Studio album by Jean-Jacques Goldman
- Released: 26 August 1997
- Recorded: April – August 1997 Studio Kevin Mobile Studio Mega Studio Gimmick
- Genre: Pop
- Length: 47:03
- Label: Columbia/Sony BMG
- Producer: Jean-Jacques Goldman

Jean-Jacques Goldman chronology
| Singulier 81/89 (1996) | En passant (1997) | En passant tournée 1998 (1998) |

Singles from En passant
- "Sache que je" Released: 1997; "Quand tu danses" Released: 1998; "Bonne idée" Released: 1998;

= En passant (Jean-Jacques Goldman album) =

En passant is a 1997 album recorded by the French singer-songwriter Jean-Jacques Goldman. The CD was produced between April and August 1997 in collaboration with Erick Benzi at the Kevin Mobile, Mega and Gimmick studios, and was released on the Columbia/Sony BMG record label on 26 August 1997.

Professional ratings
Review scores
| Source | Rating |
| Allmusic |  |

==Album information==
The CD uses the HDCD format, which improves the quality of the audio (compared to regular CDs) when played back in a suitable player. The album is intimate and contains acoustic and blues melodies. It mainly deals with death ("On ira", "En passant") and love ("Sache que je", "Quand tu danses", "Les Murailles").

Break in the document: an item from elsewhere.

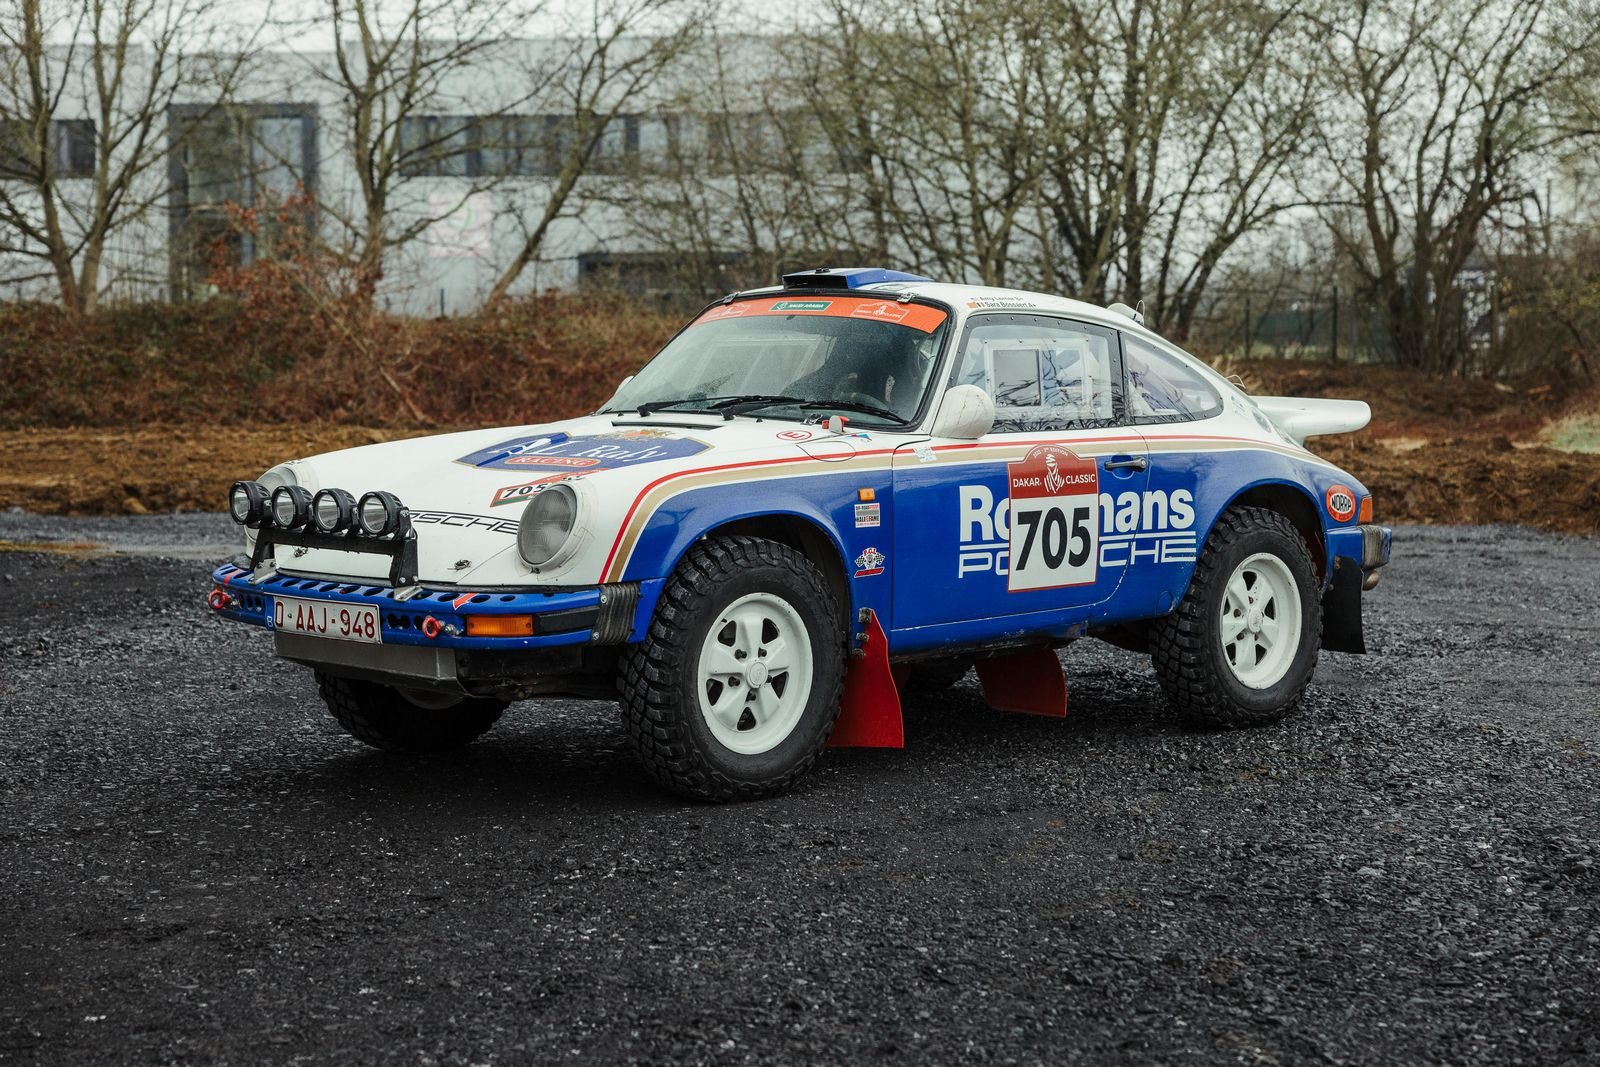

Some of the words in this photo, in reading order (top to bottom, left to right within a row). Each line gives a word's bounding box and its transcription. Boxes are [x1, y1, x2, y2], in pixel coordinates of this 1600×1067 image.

The album went straight to number one on the SNEP albums chart in France and remained for 82 weeks in the top 200. In Belgium (Wallonia), it also debuted at number one and totaled 65 weeks on the chart. It was only ranked for ten weeks in Switzerland, but earned a Platinum disc. It was less successful in Belgium (Flanders) where it stayed for six weeks on the charts (top 50).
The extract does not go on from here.